Strengthening Trust in Official Statistics through Quality Assurance and Citizen-Generated Data: Evidence from Kenya
Conference
Regional Statistics Conference 2026
Format: CPS Abstract - Malta 2026
Keywords: citizen-generated-data, transforming_official_statistics
Session: CPS 25 Quality Assurance
Wednesday 3 June 4:30 p.m. - 5:30 p.m. (Europe/Malta)
Abstract
Growing demand for statistics to support evidence-based policymaking and Sustainable Development Goal (SDG) monitoring has increased pressure on National Statistical Offices (NSOs) to produce data that are reliable, timely, and comparable across time and geographic units. Official statistics remain the primary source of nationally endorsed indicators for policy formulation, monitoring, and accountability. However, many NSOs operate in an increasingly complex data environment characterized by rising user expectations, expanding reporting requirements, and constraints in resources and data collection capacity. These challenges are particularly relevant in regional contexts, where comparability and consistency are essential for cross-country analysis and benchmarking.

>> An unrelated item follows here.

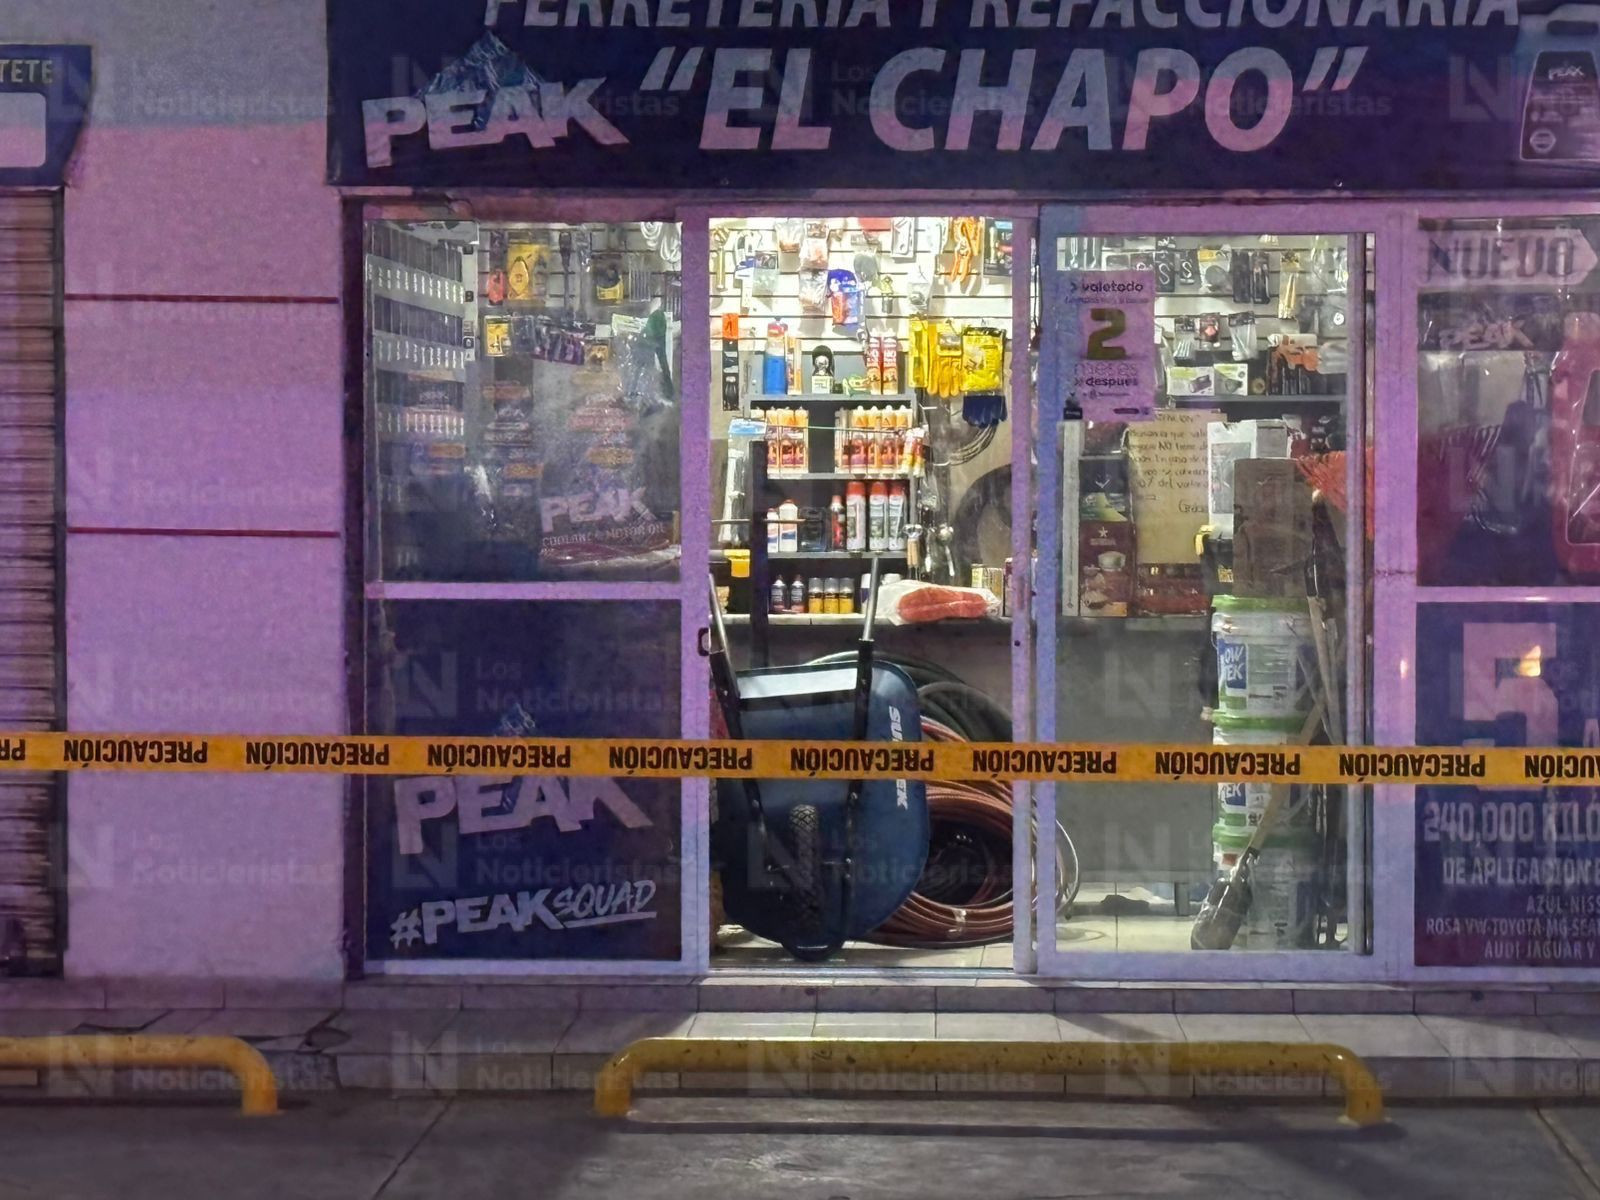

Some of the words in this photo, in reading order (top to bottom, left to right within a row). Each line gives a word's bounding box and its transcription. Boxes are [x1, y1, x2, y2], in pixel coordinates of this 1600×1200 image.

This paper examines how quality assurance frameworks can be applied to strengthen the reliability and usability of official statistics while accommodating new data sources. Drawing on institutional practices from the Kenya National Bureau of Statistics (KNBS), the study assesses the operational use of internationally recognized quality standards, including the United Nations Fundamental Principles of Official Statistics and the International Monetary Fund’s Data Quality Assessment Framework. The analysis focuses on how these frameworks guide statistical production processes and support the systematic application of core quality dimensions such as accuracy, reliability, timeliness, coherence, accessibility, and comparability.

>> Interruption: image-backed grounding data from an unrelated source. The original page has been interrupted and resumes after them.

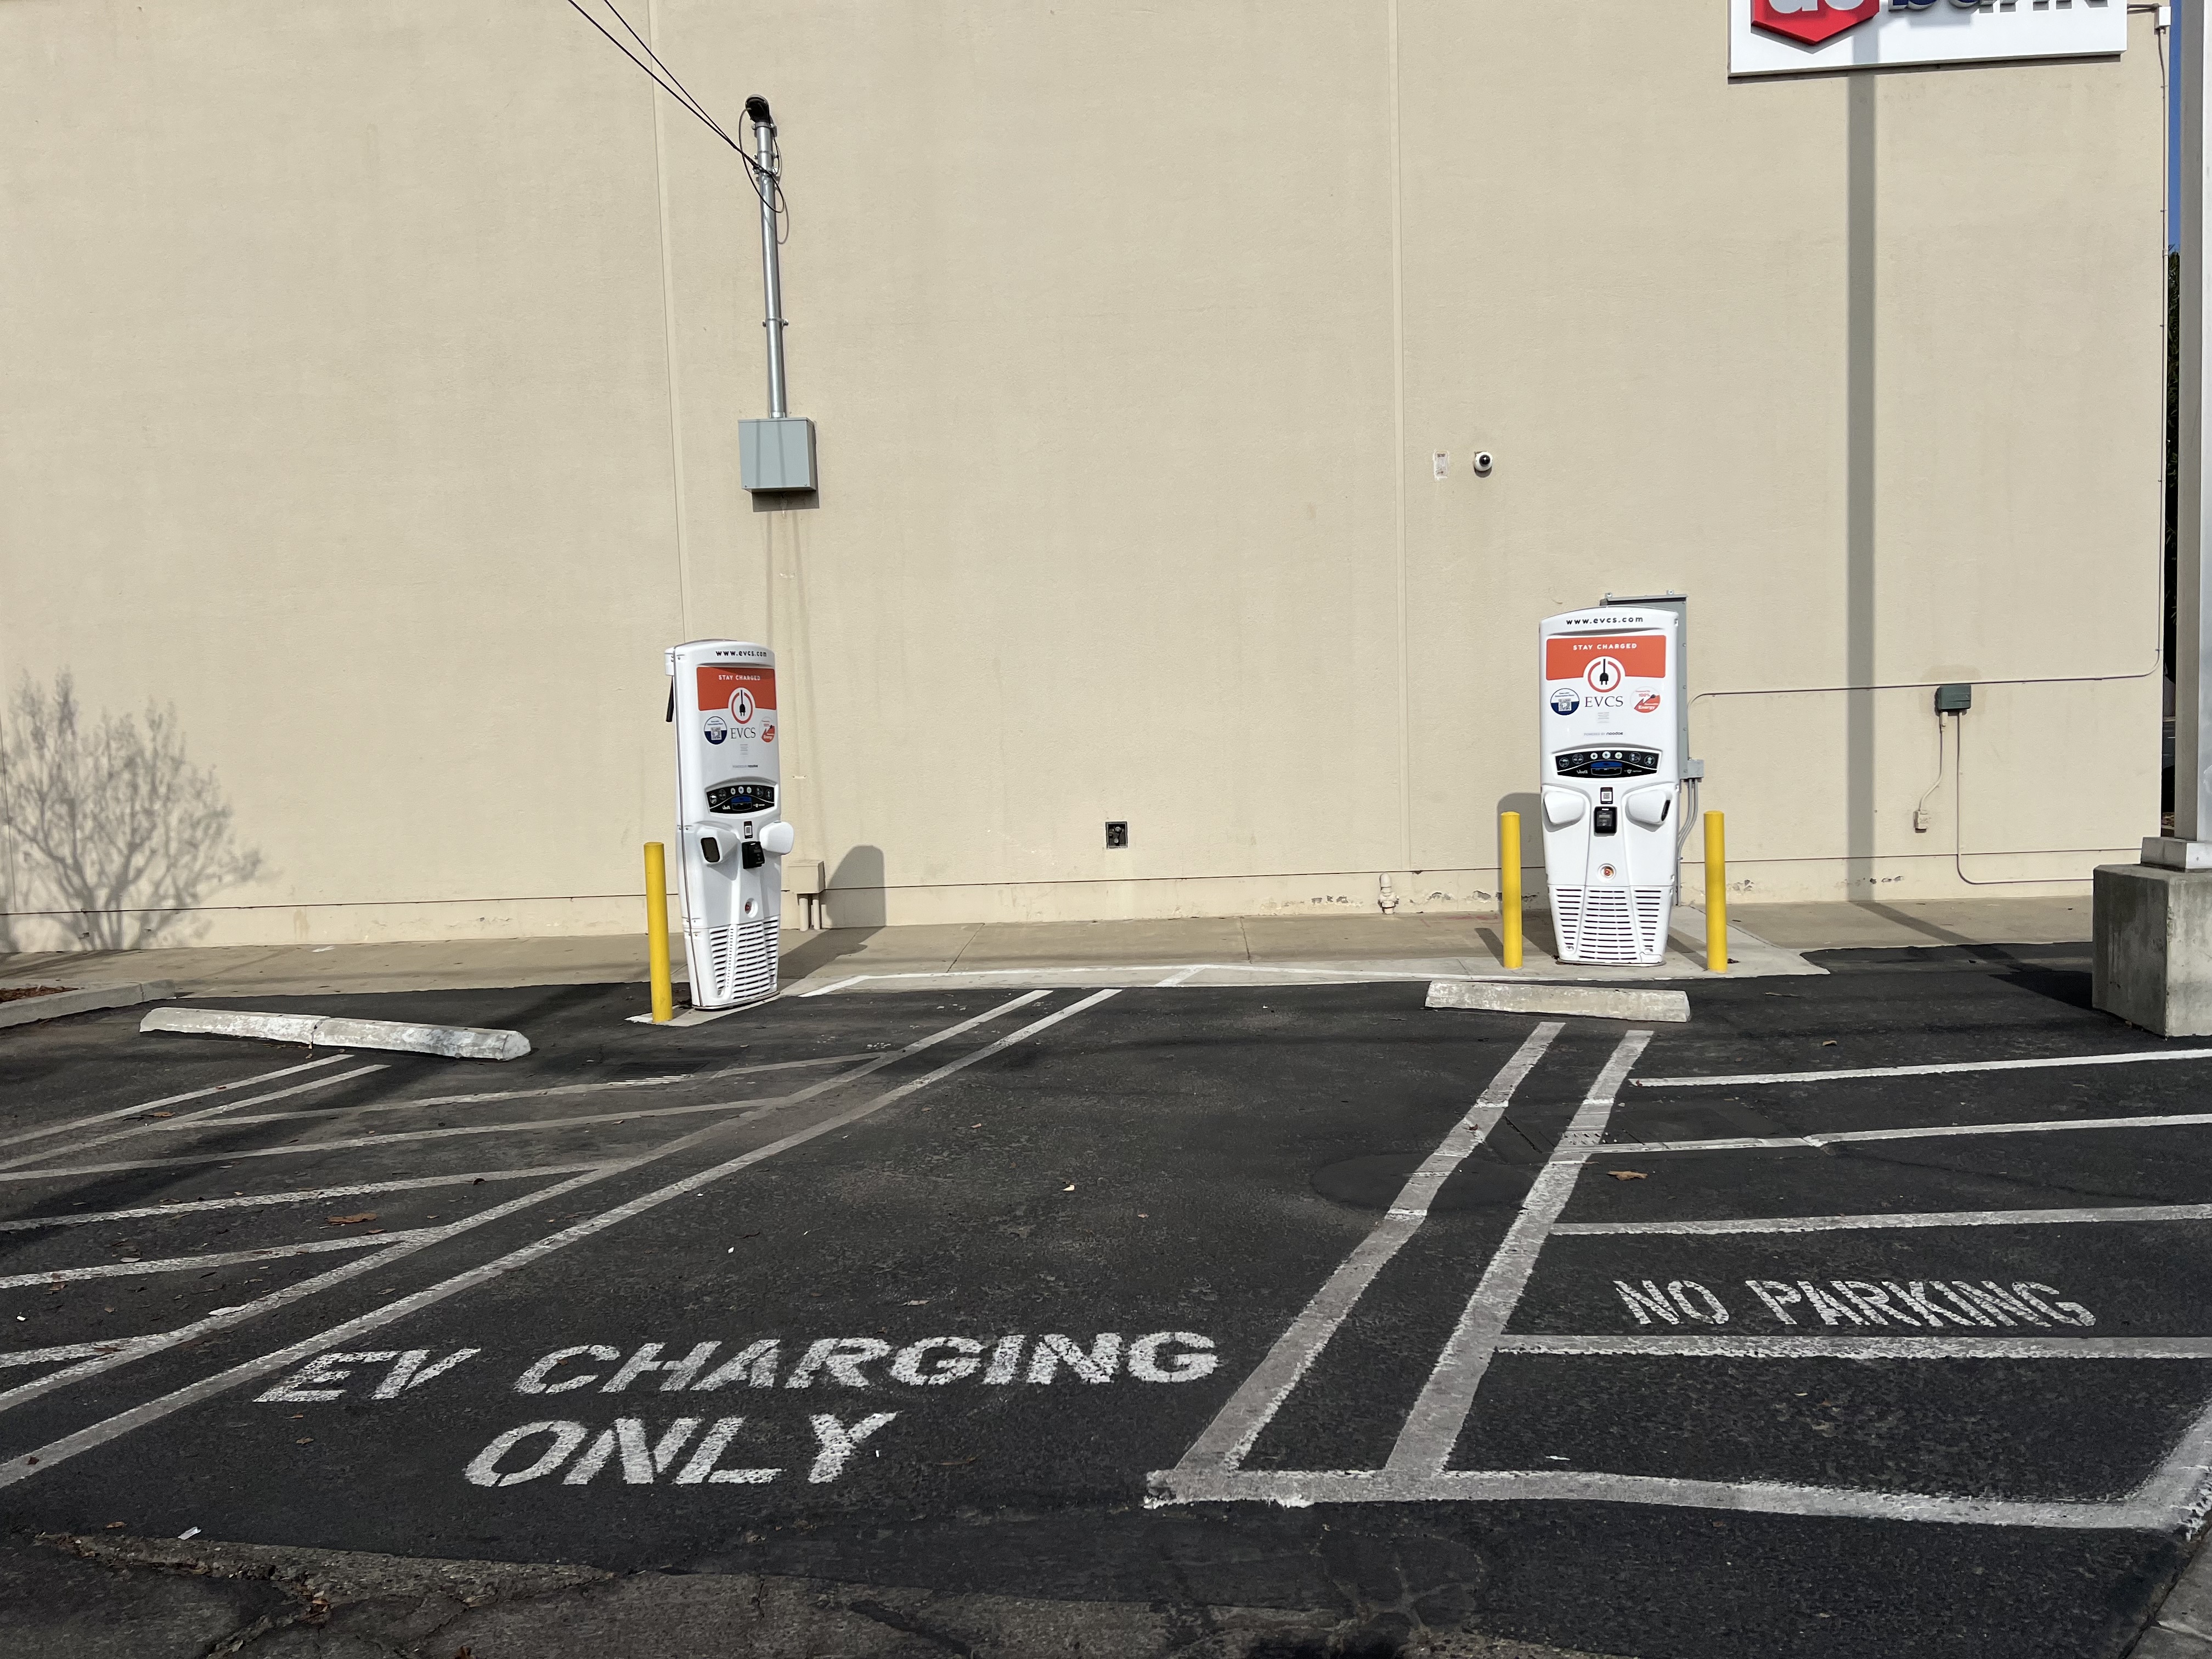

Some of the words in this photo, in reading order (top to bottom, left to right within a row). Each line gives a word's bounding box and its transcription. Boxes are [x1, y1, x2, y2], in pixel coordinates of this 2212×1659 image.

[1566, 617, 1644, 625] www.evcs.com
[1584, 696, 1624, 708] EVCS
[730, 727, 756, 739] EVCS
[1613, 1280, 1729, 1325] NO
[1745, 1280, 2096, 1327] PARKING
[252, 1348, 481, 1402] EV
[512, 1331, 1219, 1394] CHARGING
[464, 1410, 900, 1487] ONLY

The paper adopts a process-based methodological approach, reviewing how quality assurance is embedded across stages of statistical production, from data collection and validation to dissemination and documentation. Particular attention is given to transparency mechanisms, including metadata standards and methodological documentation, which enable users to evaluate data limitations and apply statistics appropriately. These practices are essential in regional statistical systems, where harmonization of methods and clarity of documentation directly affect data comparability and analytical use.
In response to persistent data gaps following the adoption of the SDGs, the paper further examines the integration of Citizen-Generated Data (CGD) as a complementary source to traditional data such as censuses, surveys, and administrative records. CGD, produced by civil society organizations and community-based initiatives, has been applied in Kenya to generate localized indicators in areas where official data are infrequent or unavailable, including child education and early marriage. The study documents methodological steps used to incorporate CGD into the statistical system, including identification of priority data gaps, mapping of CGD producers, development of CGD-specific quality criteria, and implementation of validation and review procedures.
Results indicate that the application of clearly defined quality criteria and structured validation processes improves internal consistency, documentation, and fitness for use of CGD outputs. When aligned with existing quality assurance frameworks, CGD can supplement official statistics without compromising statistical standards. The analysis also highlights the importance of institutional learning and collaboration with non-state data producers in maintaining coherence within a mixed data environment.
The paper concludes that strengthening quality assurance and transparency remains central to sustaining trust in official statistics, particularly in regional contexts where comparability and harmonization are critical. Systematic evaluation of both traditional and alternative data sources enables NSOs to respond to expanding data demands while maintaining statistical consistency and reliability, supporting effective SDG monitoring and regional statistical cooperation.